Top of Provided information

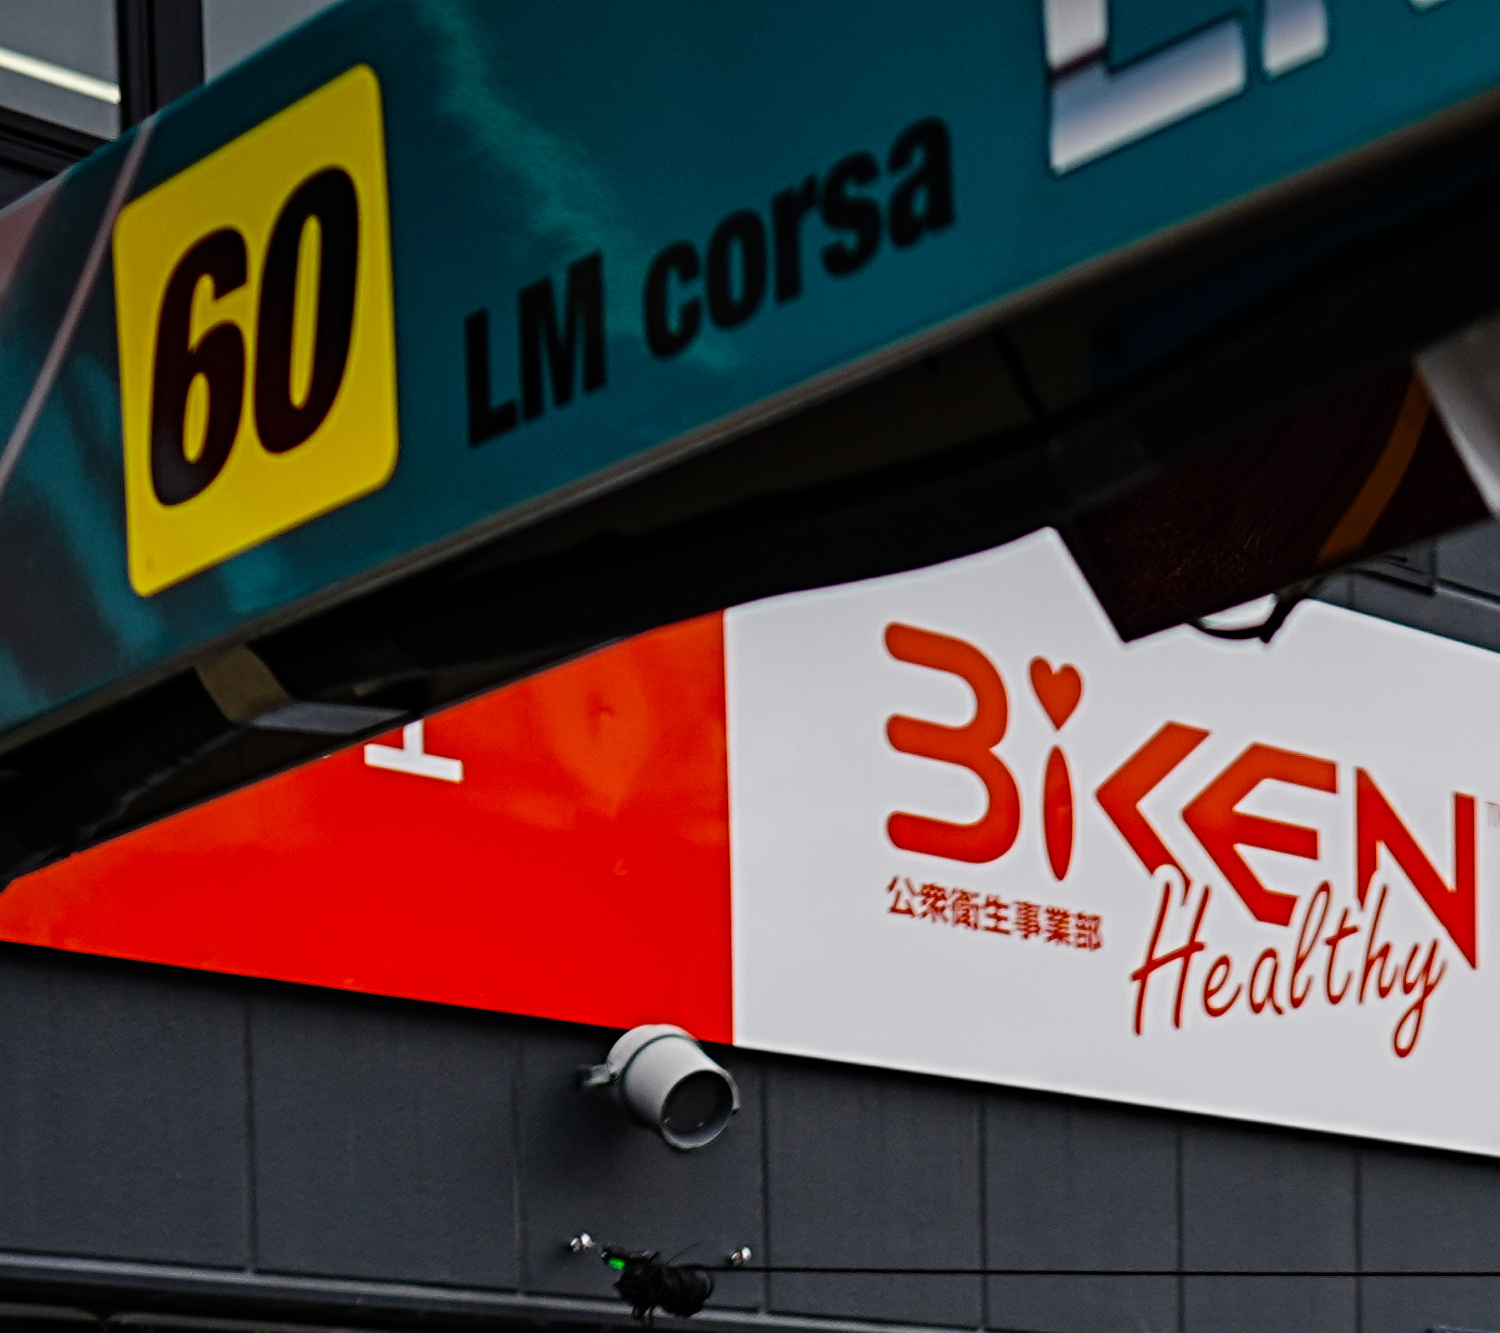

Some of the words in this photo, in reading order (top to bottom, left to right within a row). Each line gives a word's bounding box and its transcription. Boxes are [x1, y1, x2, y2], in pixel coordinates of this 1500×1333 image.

[148, 166, 361, 507] 60
[462, 250, 606, 446] LM
[642, 115, 955, 361] corsa
[1131, 863, 1447, 1059] Healthy
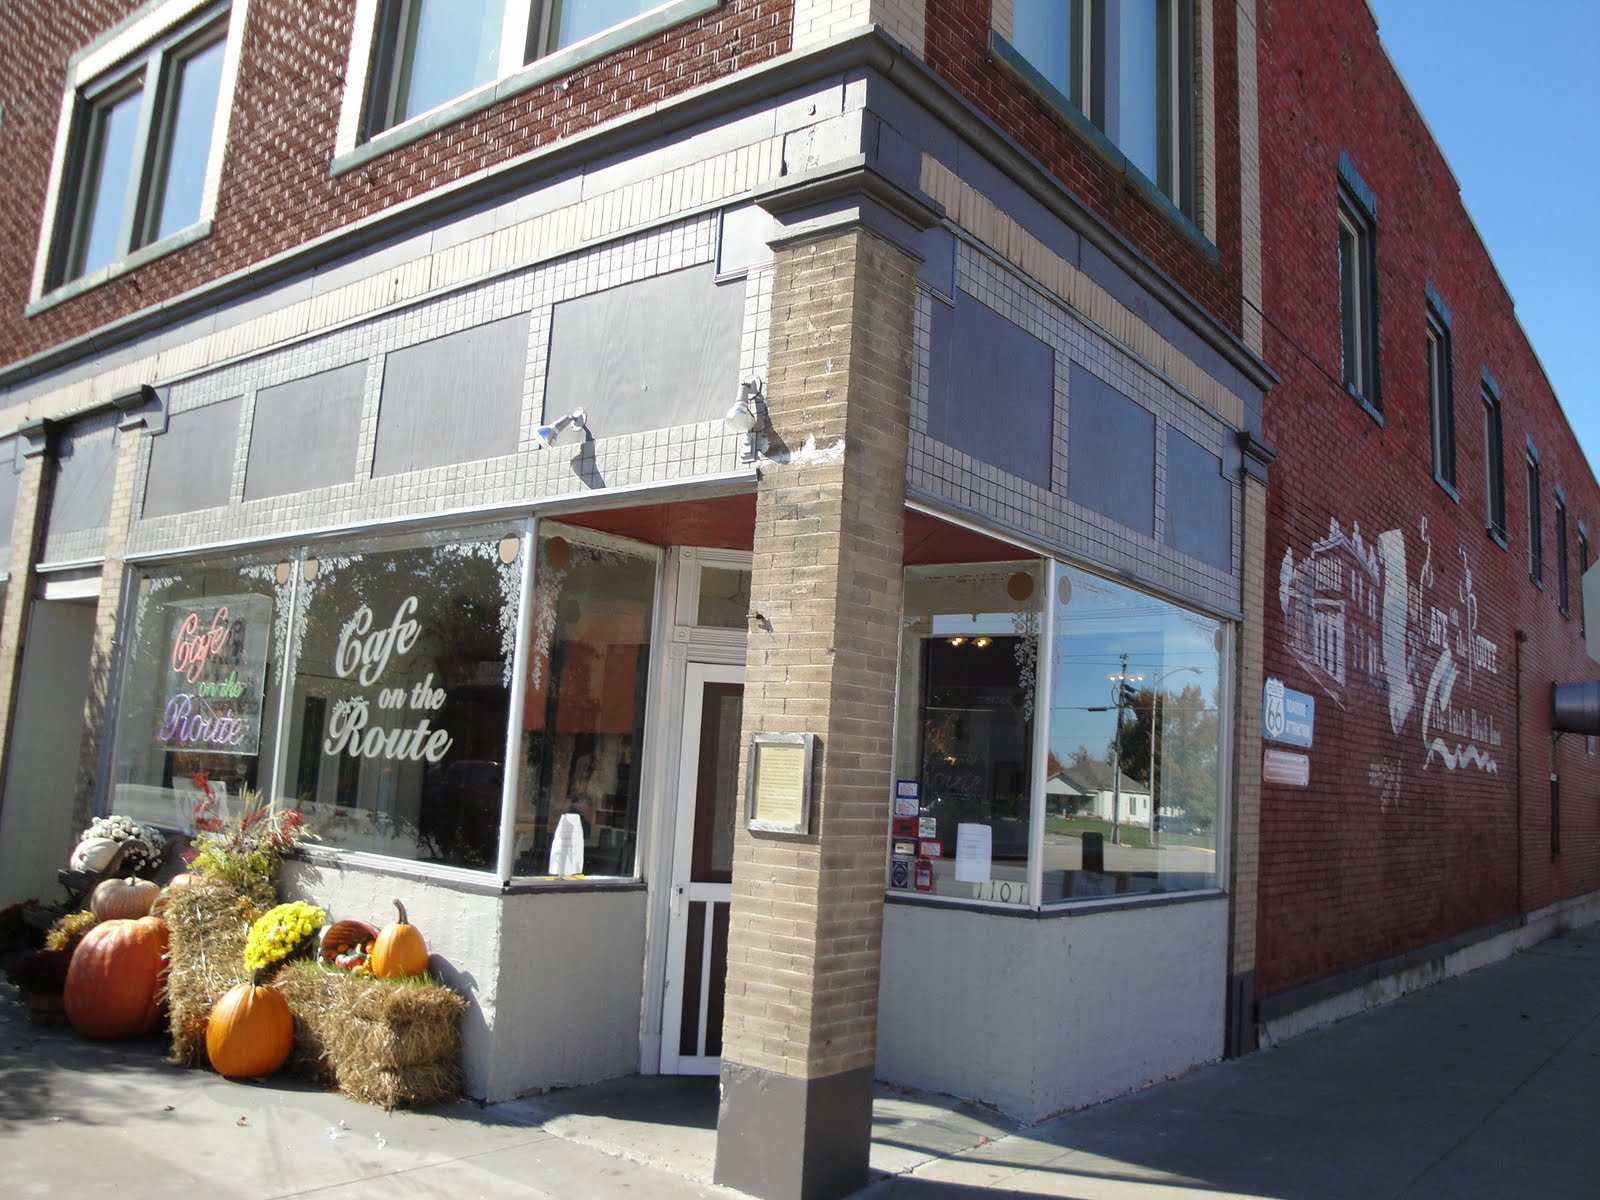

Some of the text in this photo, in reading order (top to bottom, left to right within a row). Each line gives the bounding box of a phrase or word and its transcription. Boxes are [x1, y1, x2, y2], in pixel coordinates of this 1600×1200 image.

[173, 607, 229, 683] Cafe
[335, 596, 422, 687] Cafe
[199, 671, 247, 698] on the
[378, 672, 447, 710] on the
[160, 693, 247, 745] Route
[324, 696, 454, 763] Route
[1267, 697, 1283, 733] 66
[977, 880, 1025, 904] 1101
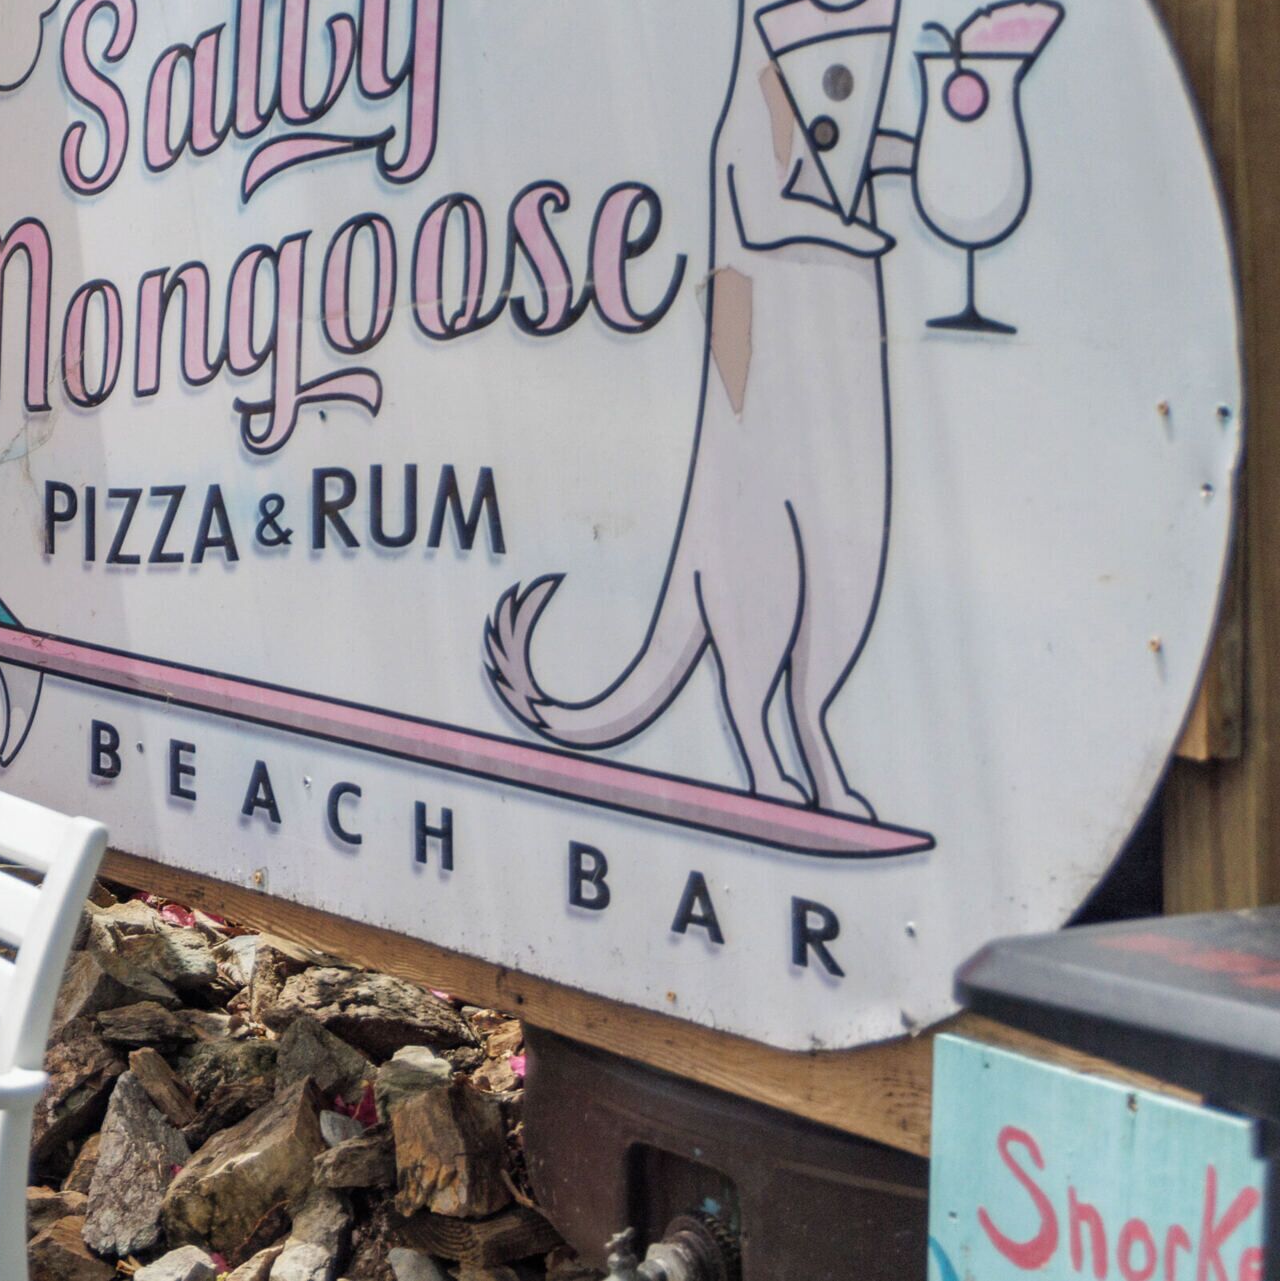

Bottom of Provided information

Your task: When you write out the material, keep every line exact and leave out each picture.

Response box:
Some of the words in this photo, in reading order (top to bottom, left to right within a row). Each line gives a word's bounding box and its transcription. Boxes are [x1, y1, x2, y2], in pixel coordinates of this 1500×1333 image.

[148, 166, 361, 507] 60
[462, 250, 606, 446] LM
[642, 115, 955, 361] corsa
[1131, 863, 1447, 1059] Healthy

Some of the text in this photo, in reading order (top to bottom, left to right within a row). Each line gives the bounding box of a phrase or word and its transcription. Boxes are [x1, y1, x2, y2], in pixel coordinates of this 1600×1200 image.

[173, 607, 229, 683] Cafe
[335, 596, 422, 687] Cafe
[199, 671, 247, 698] on the
[378, 672, 447, 710] on the
[160, 693, 247, 745] Route
[324, 696, 454, 763] Route
[1267, 697, 1283, 733] 66
[977, 880, 1025, 904] 1101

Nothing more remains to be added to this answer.